You make a lot of mistakes as a parent. At some point, you’ll put your baby’s diaper on backward, send your preschooler to school in their pajamas, or allow too many hours of screen time. But while some mistakes you make as a parent are no big deal, others pose a serious threat to your well-being — and the well-being of your family. If you want to be a better parent, partner, and person, these are four things you need to stop doing right now.
Dwelling on Negative Thoughts
Do you find yourself constantly focusing on the negative or struggling to control your emotions in difficult situations? There’s no question parenting has its hard moments, but falling into a pattern of negativity isn’t just bad for your own mental health, it can affect your children too.
Luckily, you have more control over your thoughts than you realize. To break a pattern of negative thinking, teach yourself to stop negative thoughts and behaviors in their tracks. You may find it helpful to distract yourself from negative thoughts or to reframe negative thoughts in a positive manner.
Parents should also address issues that are a regular source of friction in their household. Instead of getting frustrated by slow morning routines, plan extra time in your schedule. If your child has poor homework habits, sit down, and review assignments together. Dealing with problems proactively prevents them from becoming frustrations later on.

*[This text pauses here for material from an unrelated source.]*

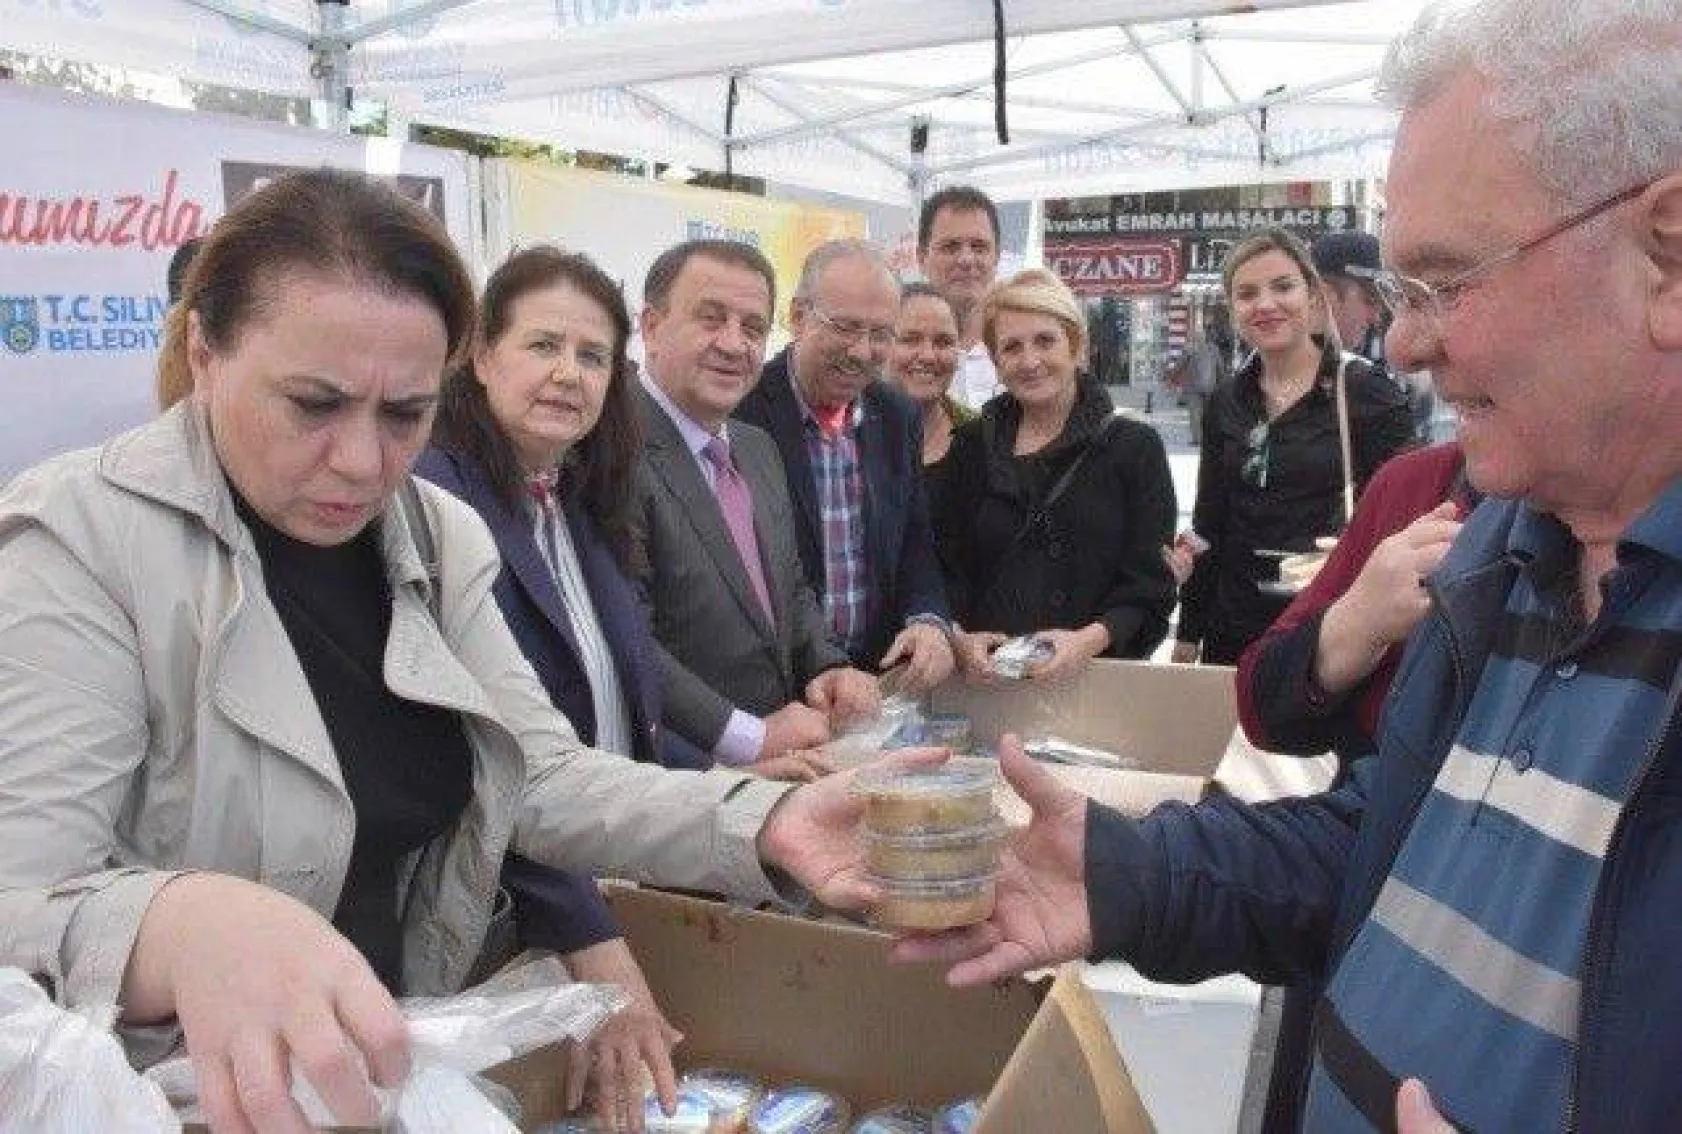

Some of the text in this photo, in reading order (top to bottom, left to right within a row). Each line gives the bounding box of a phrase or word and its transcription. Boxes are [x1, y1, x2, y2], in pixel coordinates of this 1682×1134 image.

[1116, 212, 1196, 230] EMRAH
[1044, 255, 1161, 281] CZANE
[44, 295, 98, 323] T.C.

Avoiding Uncomfortable Conversations
You shouldn’t dwell on negativity, but you shouldn’t avoid topics just because they’re uncomfortable either. There are some tough conversations that are important to have when you become a parent, particularly when it comes to death and money.
Money is a major source of stress for families, and that stress can lead to physical and mental health problems. The most important thing families can do to alleviate financial stress is to get everyone on the same page. Talk to your spouse about financial values and include kids in the conversation in age-appropriate ways.
Discussions about money eventually intertwine with death. Parents have to answer questions about how they’ll provide for their children if they pass away and how they’ll pay for end-of-life expenses. While life insurance offers a solution for the first question, many adults are shocked to learn that a funeral can cost over $9,000. That’s why it’s so important to talk about the type of final arrangements you want and whether you’ll pay for it with cash, insurance, or other means.
Staying Up Late (and Waking Up Early)
There’s nothing wrong with being an early bird or night owl, but too many parents don both hats. If you’re staying up late to get things done then waking up early to get a head start, you’re putting your health on the line.
Chronic sleep problems have been linked to heart disease, obesity, diabetes, and depression, among other health problems. Poor sleep also leaves you irritable, distracted, and not the best partner and parent you can be.
Instead of staying up late to finish your to-do list, create a routine that lets you get more done during the day. For example, by cleaning as you go, you can avoid staying up late to scrub the kitchen. Or by teaching kids how to organize their own schoolwork, you can avoid the early morning scramble to get out the door.
Putting Yourself Last
This is one bad habit that far too many parents have. While caring for your children may be your most important job, you shouldn’t be at the bottom of your own priority list.
Making time for yourself gives you the bandwidth to be a better parent, and it’s good for your health too. With more me-time, you can build time for exercise into your schedule, nurture social relationships, and cultivate a hobby. Whether you hire a babysitter, take turns with your co-parent, or sign the kids up for camp, be sure to create time where you can focus on you.
Good parenting is about more than well-mannered kids and a well-kept house. If you want to be a better parent and a happier, healthier person, banish bad habits like these from your life.